Goal of the exercise: Copy every entry. Do not alter a single word.

-------- Exercise material --------

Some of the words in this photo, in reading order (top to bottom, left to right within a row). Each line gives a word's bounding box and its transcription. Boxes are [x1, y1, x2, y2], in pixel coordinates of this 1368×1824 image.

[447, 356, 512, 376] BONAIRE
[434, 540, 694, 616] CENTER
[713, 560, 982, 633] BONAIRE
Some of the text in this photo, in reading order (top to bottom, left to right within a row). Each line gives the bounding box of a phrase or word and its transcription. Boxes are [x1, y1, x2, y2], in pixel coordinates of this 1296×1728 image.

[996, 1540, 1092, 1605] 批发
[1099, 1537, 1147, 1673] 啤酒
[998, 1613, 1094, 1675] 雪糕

--------

Answer for the task:
Some of the words in this photo, in reading order (top to bottom, left to right within a row). Each line gives a word's bounding box and its transcription. Boxes are [x1, y1, x2, y2], in pixel coordinates of this 1368×1824 image.

[447, 356, 512, 376] BONAIRE
[434, 540, 694, 616] CENTER
[713, 560, 982, 633] BONAIRE
Some of the text in this photo, in reading order (top to bottom, left to right within a row). Each line gives the bounding box of a phrase or word and its transcription. Boxes are [x1, y1, x2, y2], in pixel coordinates of this 1296×1728 image.

[996, 1540, 1092, 1605] 批发
[1099, 1537, 1147, 1673] 啤酒
[998, 1613, 1094, 1675] 雪糕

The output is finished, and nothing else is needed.